Text-to-region grounding data:
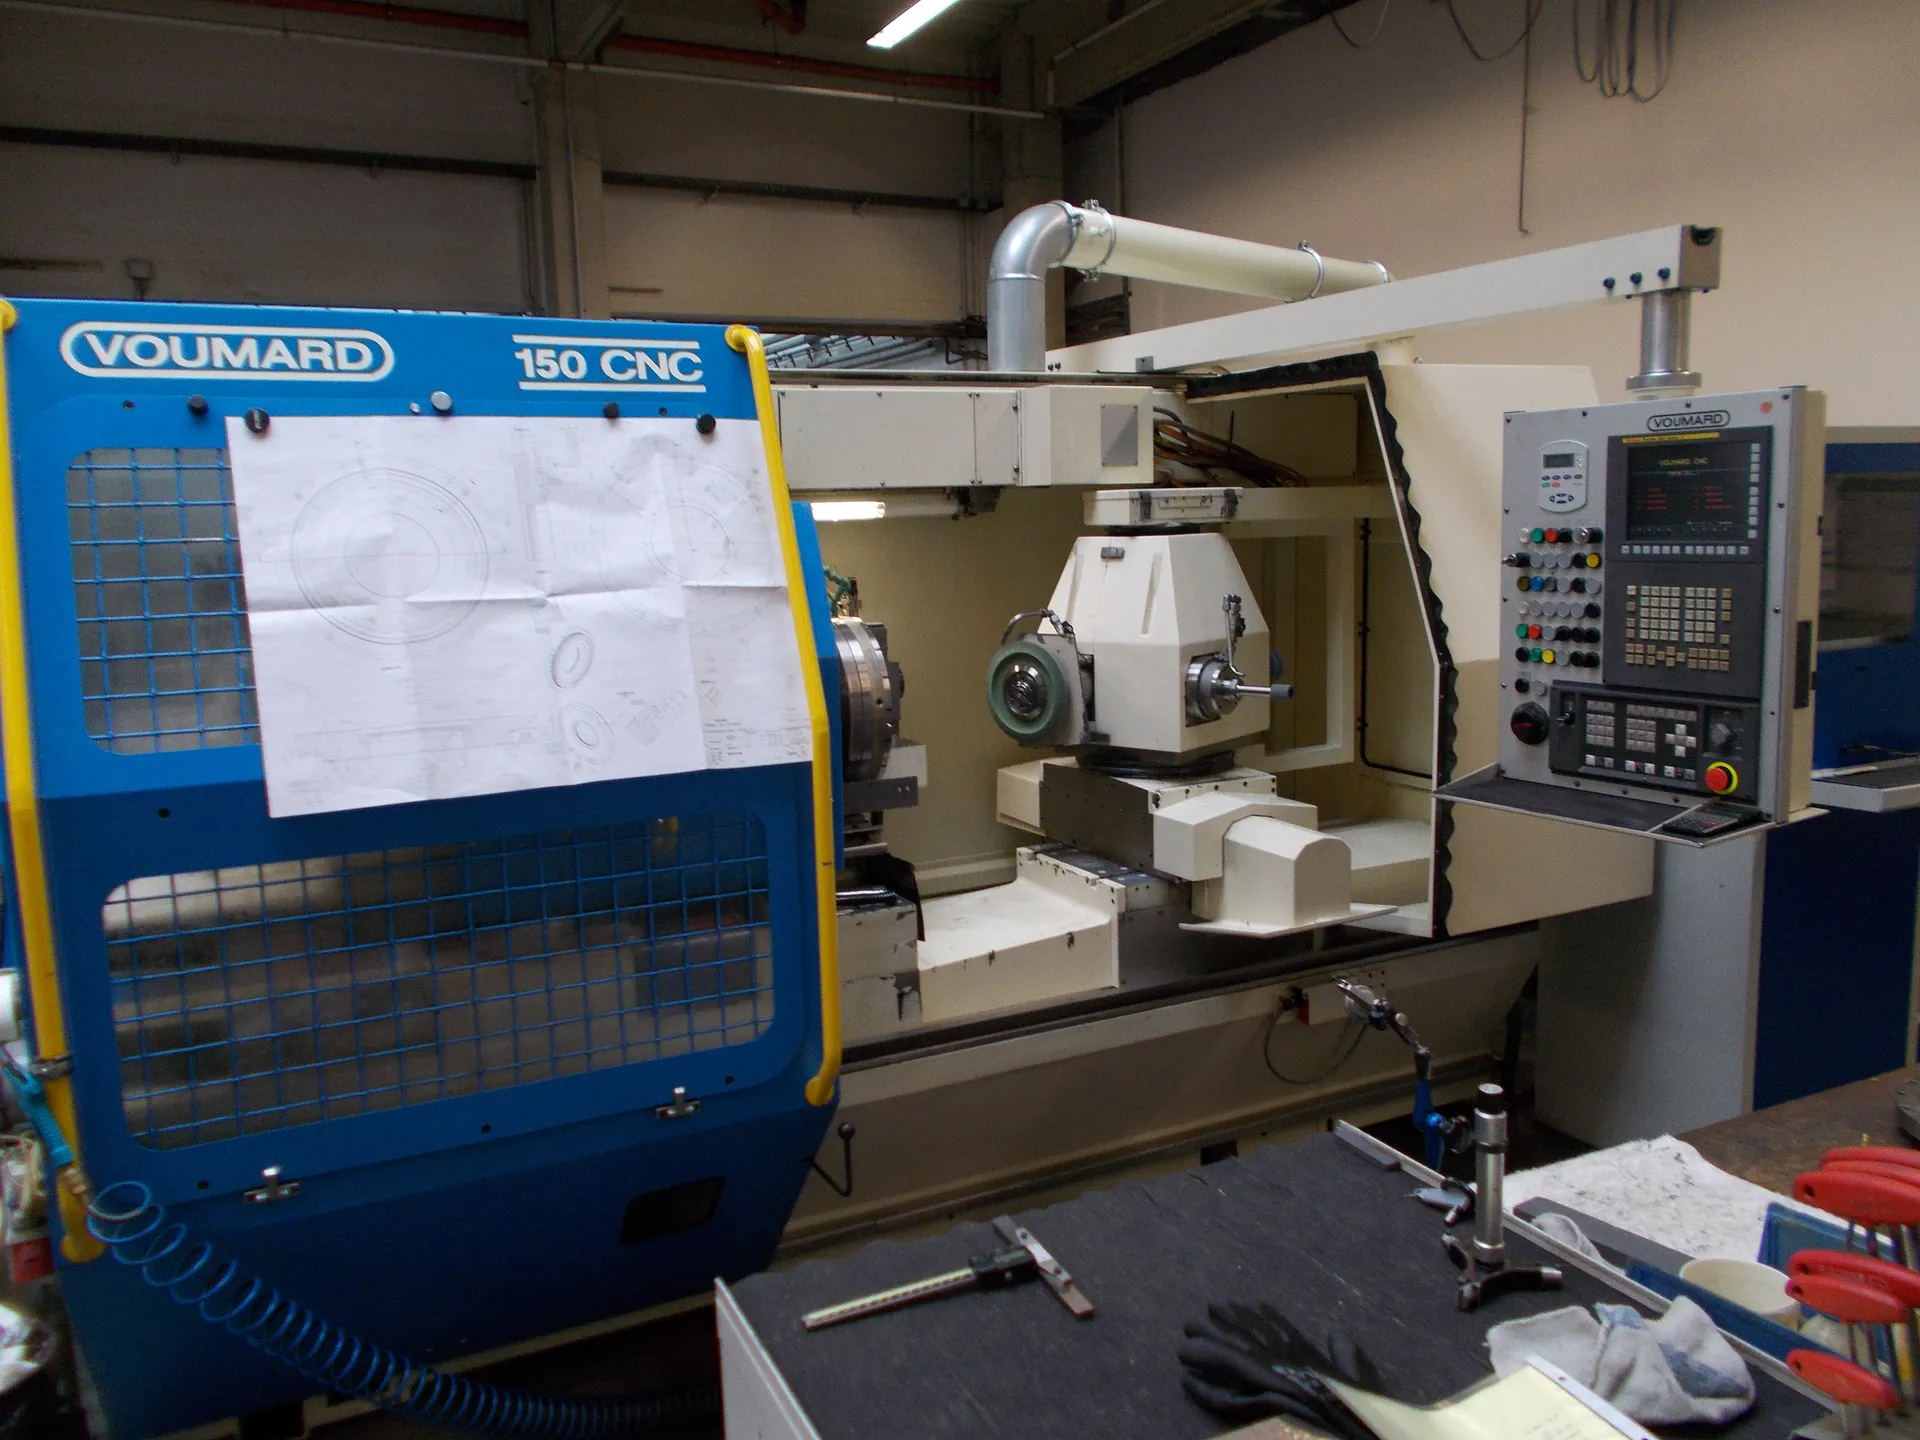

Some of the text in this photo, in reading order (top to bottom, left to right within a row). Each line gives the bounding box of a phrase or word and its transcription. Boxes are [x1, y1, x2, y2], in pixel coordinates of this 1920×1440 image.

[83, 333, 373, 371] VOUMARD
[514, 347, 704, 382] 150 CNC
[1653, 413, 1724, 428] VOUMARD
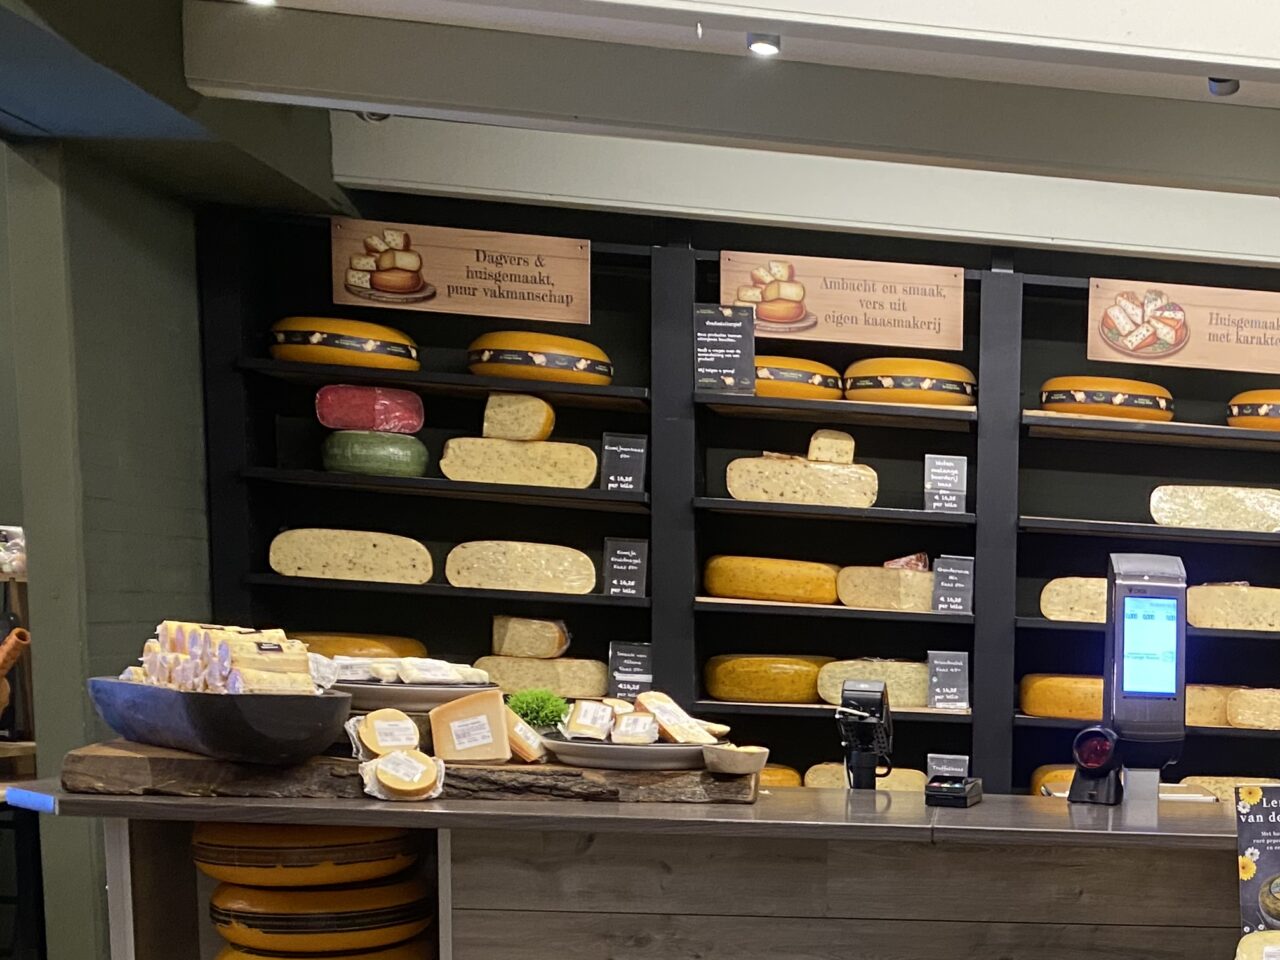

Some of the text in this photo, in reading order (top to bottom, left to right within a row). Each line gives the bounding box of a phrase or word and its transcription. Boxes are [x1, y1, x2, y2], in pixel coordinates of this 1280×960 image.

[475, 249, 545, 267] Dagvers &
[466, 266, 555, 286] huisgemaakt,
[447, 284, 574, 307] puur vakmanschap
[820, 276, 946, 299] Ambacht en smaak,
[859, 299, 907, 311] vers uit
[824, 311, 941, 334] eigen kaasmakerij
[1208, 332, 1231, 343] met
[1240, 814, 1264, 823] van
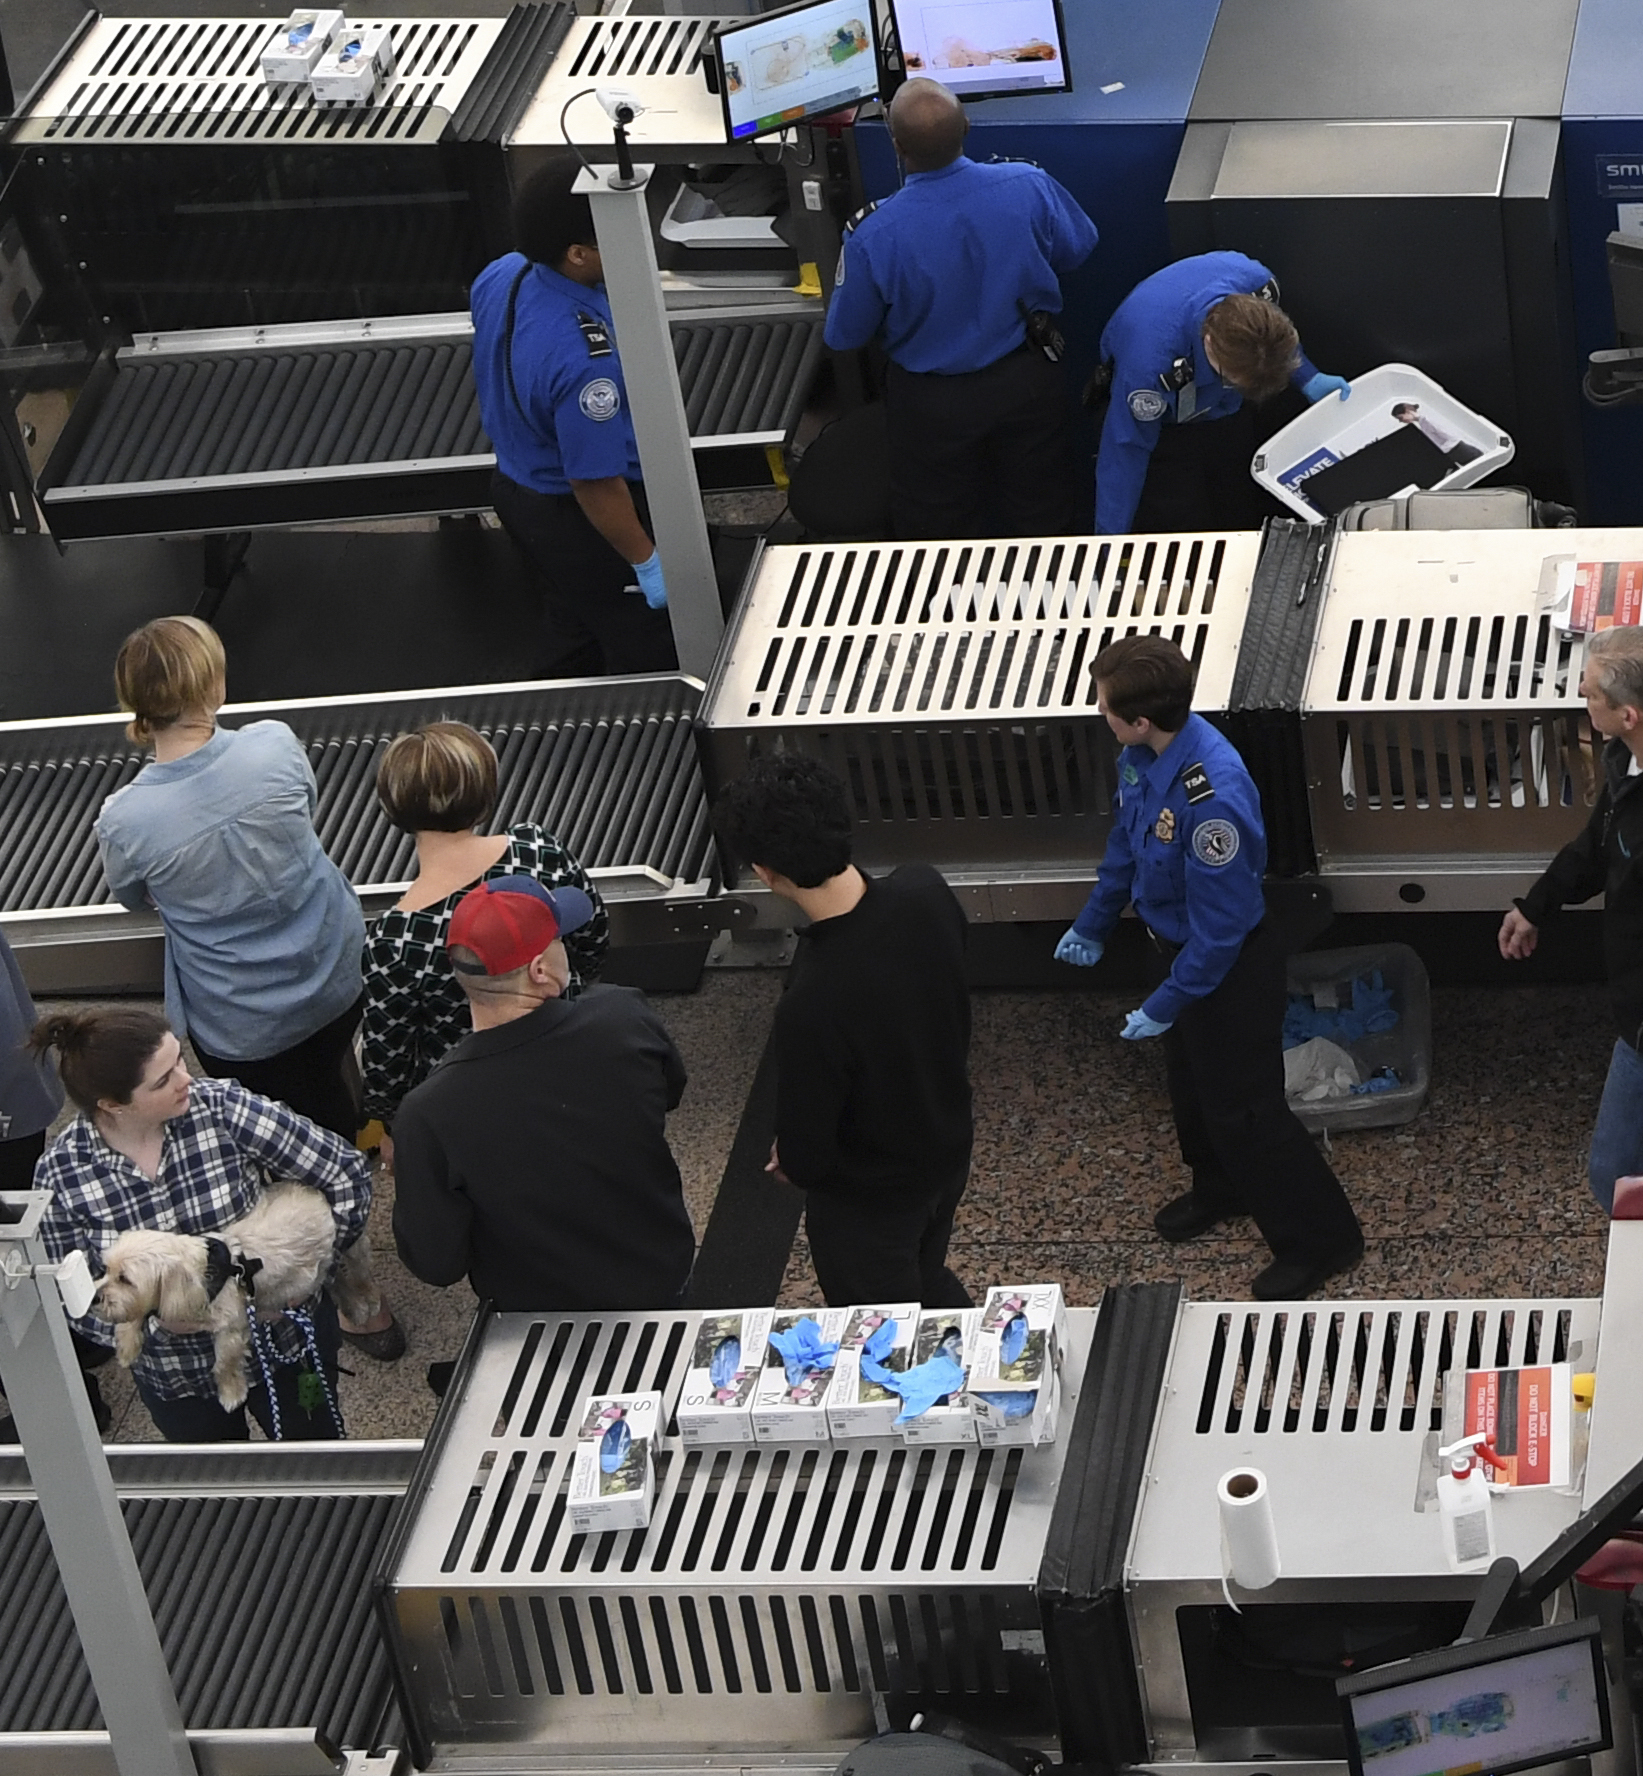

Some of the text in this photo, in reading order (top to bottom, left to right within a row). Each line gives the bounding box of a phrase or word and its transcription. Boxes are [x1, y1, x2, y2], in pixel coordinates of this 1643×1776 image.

▸ **What you will do**
Send back the data above verbatim, leaving out its pictures.

▸ **Result of the exercise**
Some of the text in this photo, in reading order (top to bottom, left to right within a row). Each line gives the bounding box of a phrase or word and its transcription. Boxes are [x1, y1, x2, y2], in pixel coordinates of this 1920×1440 image.

[83, 333, 373, 371] VOUMARD
[514, 347, 704, 382] 150 CNC
[1653, 413, 1724, 428] VOUMARD

Some of the text in this photo, in reading order (top to bottom, left to right within a row). Each line gives the bounding box of a phrase or word and its transcription. Boxes are [x1, y1, x2, y2], in pixel coordinates of this 1280×960 image.

[475, 249, 545, 267] Dagvers &
[466, 266, 555, 286] huisgemaakt,
[447, 284, 574, 307] puur vakmanschap
[820, 276, 946, 299] Ambacht en smaak,
[859, 299, 907, 311] vers uit
[824, 311, 941, 334] eigen kaasmakerij
[1208, 332, 1231, 343] met
[1240, 814, 1264, 823] van

Some of the text in this photo, in reading order (top to bottom, left to right within a row). Each line gives the bounding box of a phrase or word and its transcription. Boxes are [x1, y1, x2, y2], in pixel coordinates of this 1643×1776 image.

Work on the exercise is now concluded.